一方、25年産米は前年より67.6万t多い747万tとなり、さらに輸入米の増加もあり、国産米の11月末の民間在庫は前年から70万t急増し329万tとなった。米の「基本指針」では来年6月の民間在庫を215万t~229万tと見込んでいるが、これは需要見通しの上限値711万tを前提にしたものだ。
今後、需要が下振れすれば在庫のさらなる積み増しも懸念され「最大級の在庫水準」となるとして「米価が大幅急落しかねない状況」(全中)と見ている。
こうした状況のなかで営農継続ができる適正な価格を実現するには、需給環境を整備する必要があることから、取り組み方針では25年産の販売対策と26年産の生産対策をセットで取り組むこととした。
長期計画的販売
25年産対策は米穀周年供給・需要拡大支援事業を活用した計画的販売に取り組む。
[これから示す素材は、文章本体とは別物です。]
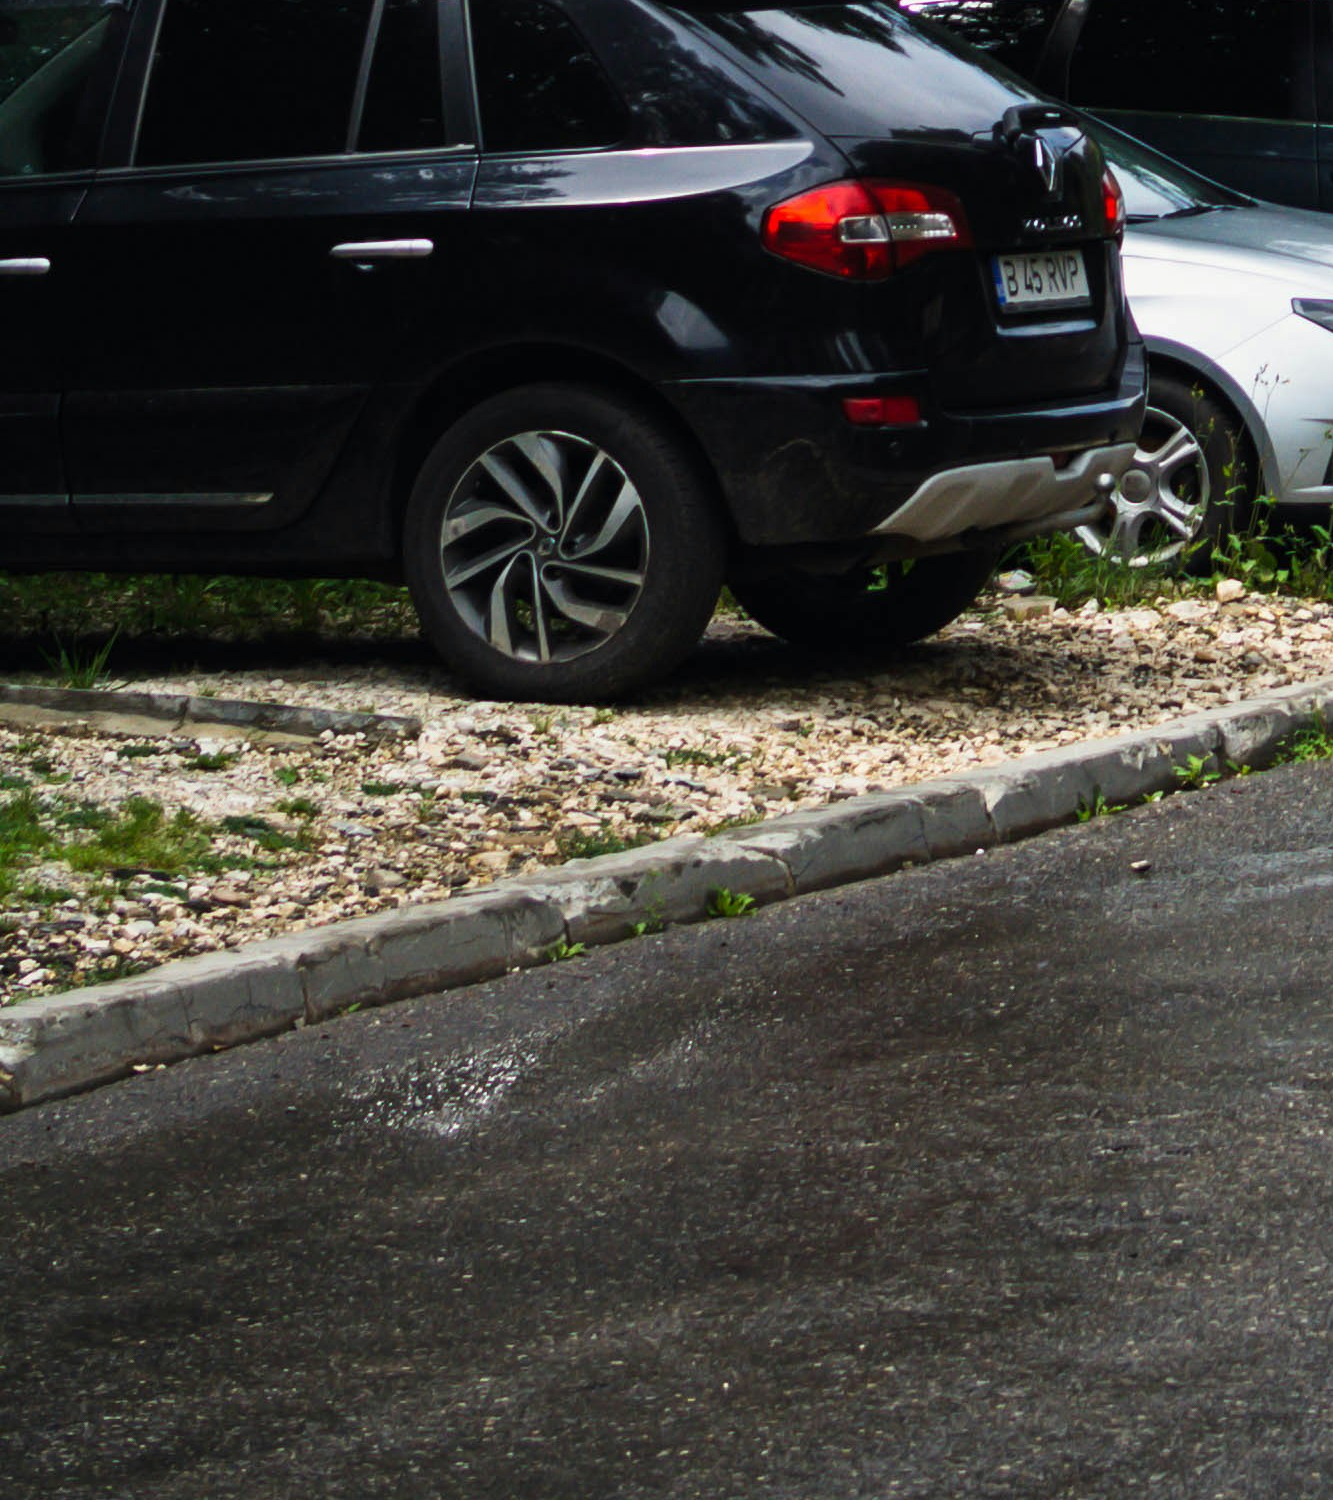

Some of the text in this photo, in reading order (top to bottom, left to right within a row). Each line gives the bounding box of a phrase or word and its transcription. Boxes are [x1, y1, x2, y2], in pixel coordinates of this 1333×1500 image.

[1002, 255, 1079, 297] B 45 RVP
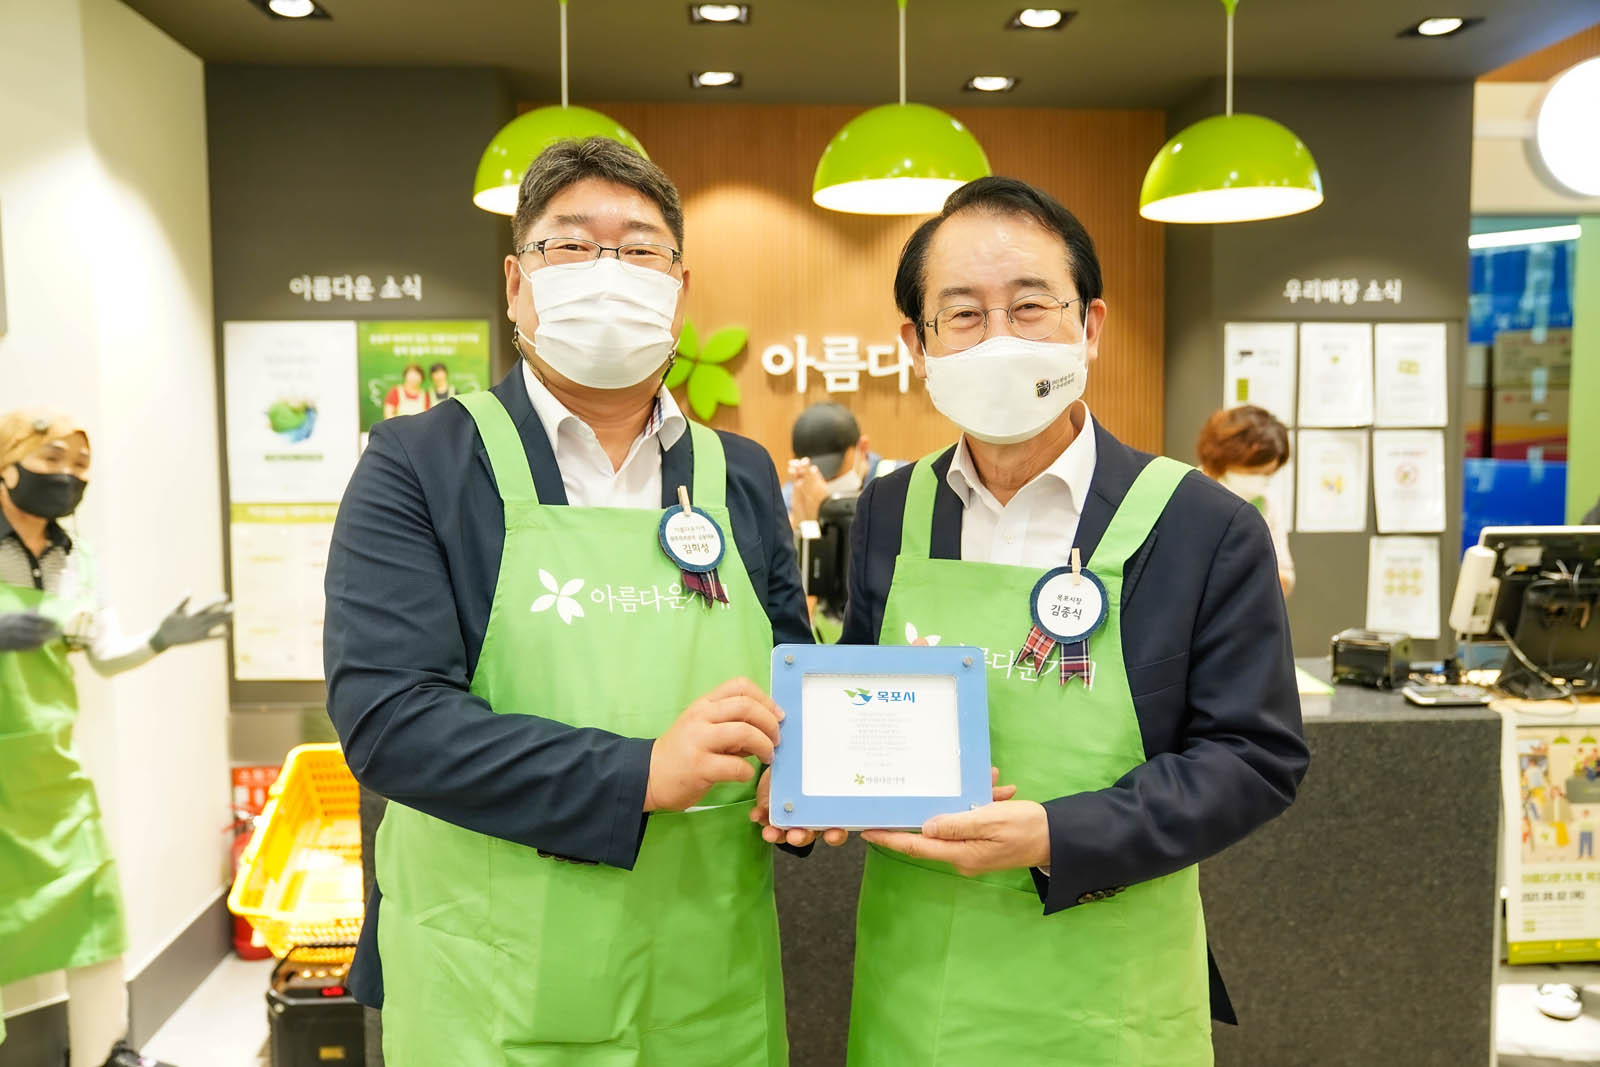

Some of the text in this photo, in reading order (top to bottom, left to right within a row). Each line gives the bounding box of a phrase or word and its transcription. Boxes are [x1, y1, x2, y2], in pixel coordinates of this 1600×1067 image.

この事業は産地での自主的な取り組みとして生産者が拠出して基金を積み立て、主食用米を長期計画的に販売する取り組みや、海外用など他用途への販売などを実施するための金利倉敷料や倉庫への集約費用など2分の1以内で国が支援する。
生産目安の修正も
そのうえで26年産に向けては、自県産米の販売進度の遅れや在庫の積み増しなどについて、関係者での検討を必ず実施し、主食用米の需給と価格の安定に向け、必要に応じて生産目安の見直しも行うことなどを取り組み方針とする。また、需要に応じた生産を進めるため、26年産では21万tを予定している政府備蓄米の入札にも積極的に取り組む。
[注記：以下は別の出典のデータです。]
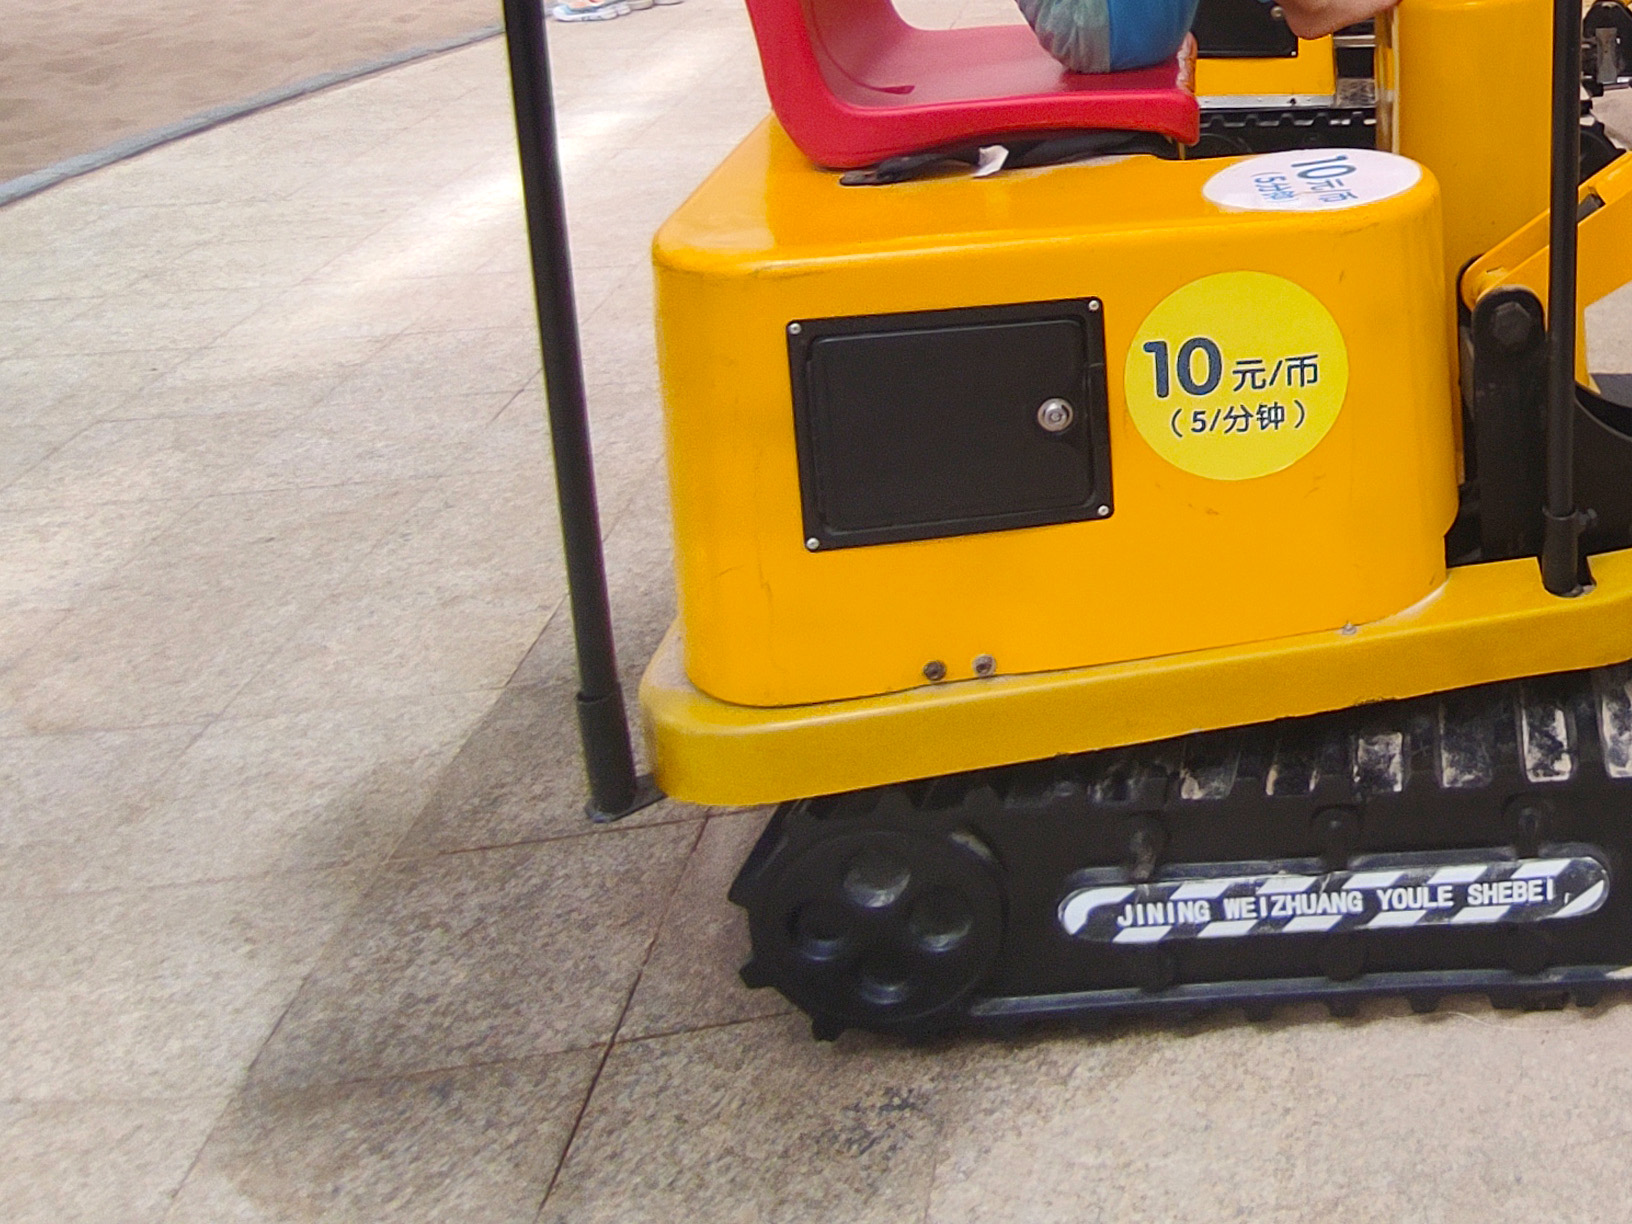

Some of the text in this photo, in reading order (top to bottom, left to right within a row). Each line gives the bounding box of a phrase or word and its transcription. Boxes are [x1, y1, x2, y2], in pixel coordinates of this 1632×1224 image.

[1117, 877, 1555, 928] JINING WEIZHUANG YOULE SHEBEI
さらに作付け後も8月20日まで需給や作付け状況をふまえた営農計画の変更ができるため、主食用を非主食用へ仕向けるなど需給環境の整備に取り組む必要がある。
戦略作物も重要
主食用米の価格高騰で販売状況が悪化していることに加え、加工用米などの生産が減って、長年確保してきた加工用・業務用の国産米需要を輸入米などに奪われてしまいかねないという問題もある。
25年産で加工用米は前年比88%、米粉用米は同55.5%、飼料用米は同46.6%と半減している。
主食用以外の戦略作物の安定生産、安定供給を推進するため産地交付金にめりはりを付けて加工用米や米粉用米の支援単価の上乗せなどの要請や、酒米を含めたコメ新市場開拓等促進事業などの活用を進める。
また、ブレンド米のニーズの高まりに応えて、多収品種の生産などで国産米の需要確保と拡大に向けた生産・販売の取り組みの強化も図る。
米の在庫が積み上がり適正在庫を大幅に上回る見通しとなっているが、26年産の生産目安の設定が25年産水準を上回る設定もみられる。こうしたなか26年産対策の最大のポイントは、生産目安について足元の販売・在庫状況をふまえて「必ず検討を実施すること」としている。